Directions> Below are entries to reproduce exactly, apart from their pictures.

╭─ Material provided

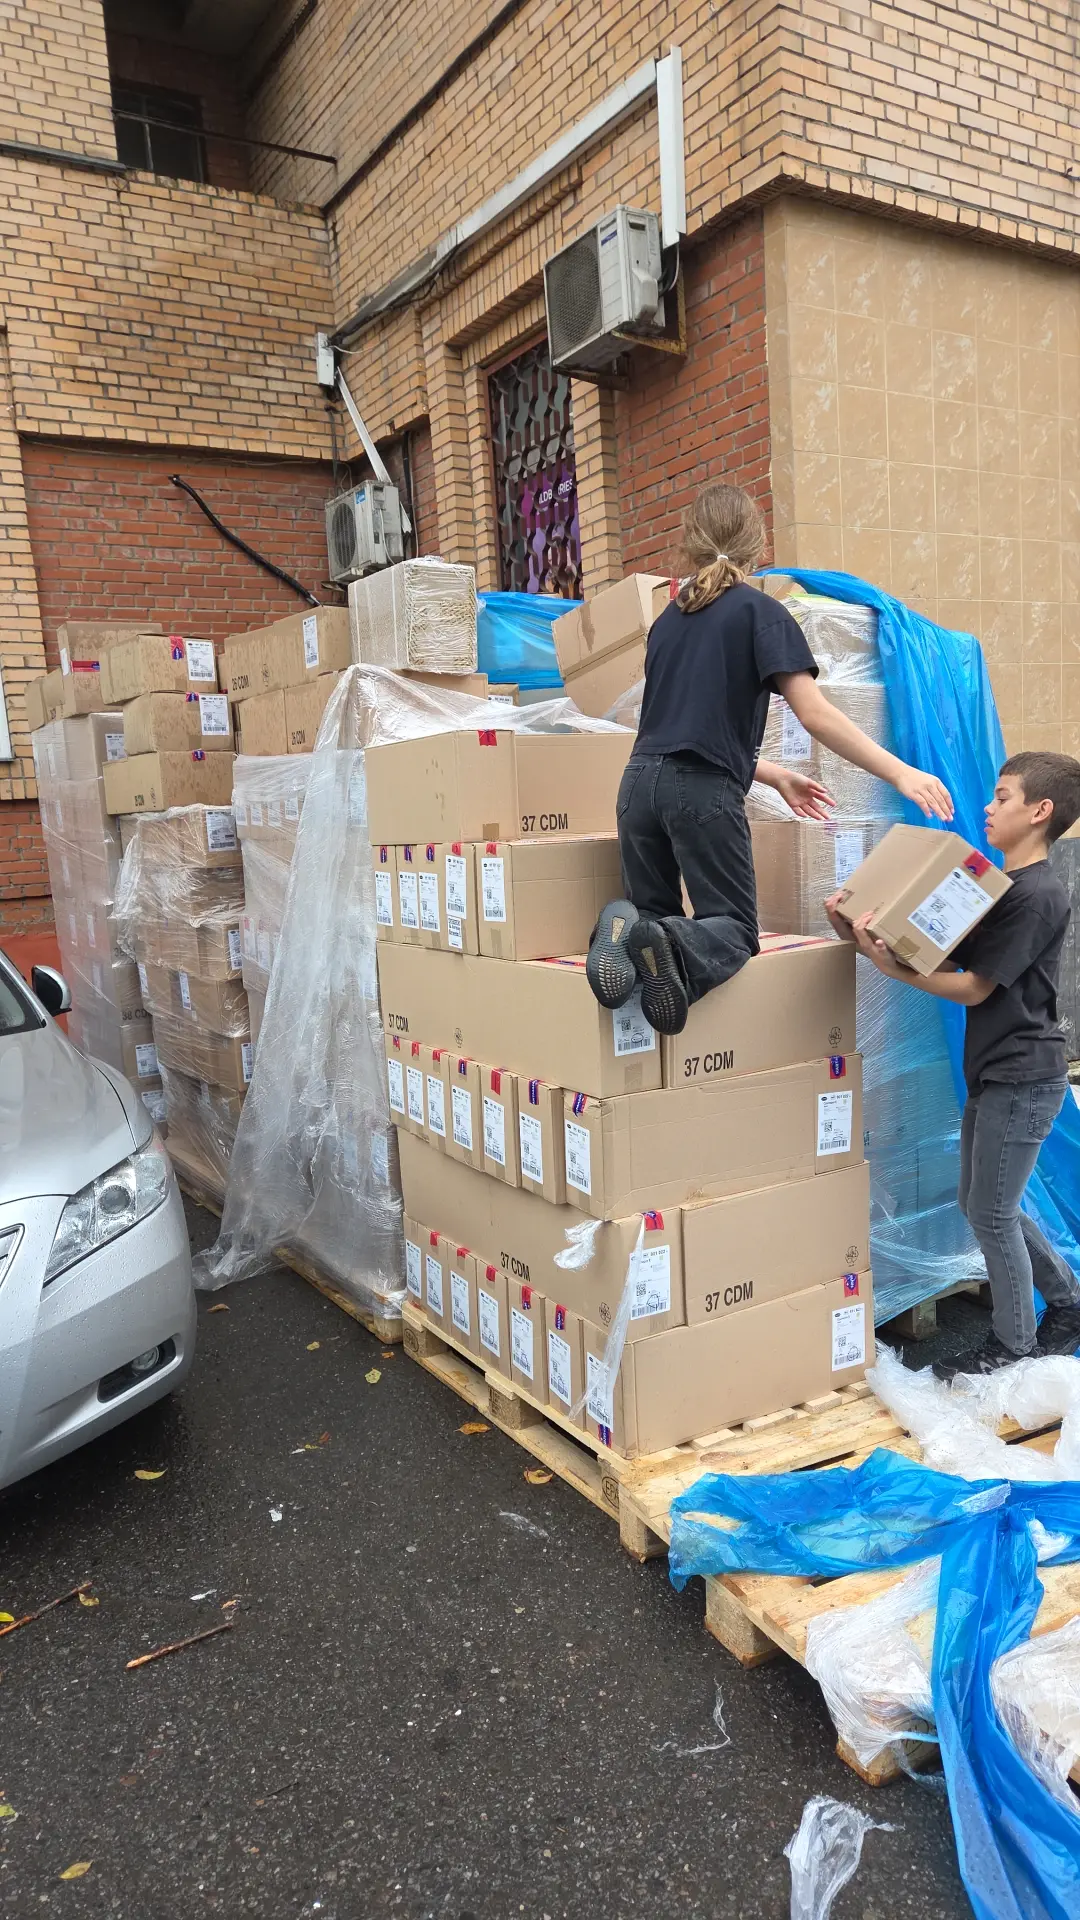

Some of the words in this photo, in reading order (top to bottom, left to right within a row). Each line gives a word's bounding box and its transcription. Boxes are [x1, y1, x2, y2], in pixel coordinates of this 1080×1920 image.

[521, 815, 536, 832] 37
[540, 813, 568, 831] CDM
[388, 1013, 395, 1029] 37
[395, 1015, 410, 1033] CDM
[684, 1056, 700, 1077] 37
[703, 1049, 734, 1074] CDM
[500, 1251, 509, 1270] 37
[511, 1257, 531, 1282] CDM
[705, 1291, 720, 1313] 37
[723, 1280, 754, 1307] CDM

╰─

Output for this task>
Some of the words in this photo, in reading order (top to bottom, left to right within a row). Each line gives a word's bounding box and its transcription. Boxes are [x1, y1, x2, y2], in pixel coordinates of this 1080×1920 image.

[521, 815, 536, 832] 37
[540, 813, 568, 831] CDM
[388, 1013, 395, 1029] 37
[395, 1015, 410, 1033] CDM
[684, 1056, 700, 1077] 37
[703, 1049, 734, 1074] CDM
[500, 1251, 509, 1270] 37
[511, 1257, 531, 1282] CDM
[705, 1291, 720, 1313] 37
[723, 1280, 754, 1307] CDM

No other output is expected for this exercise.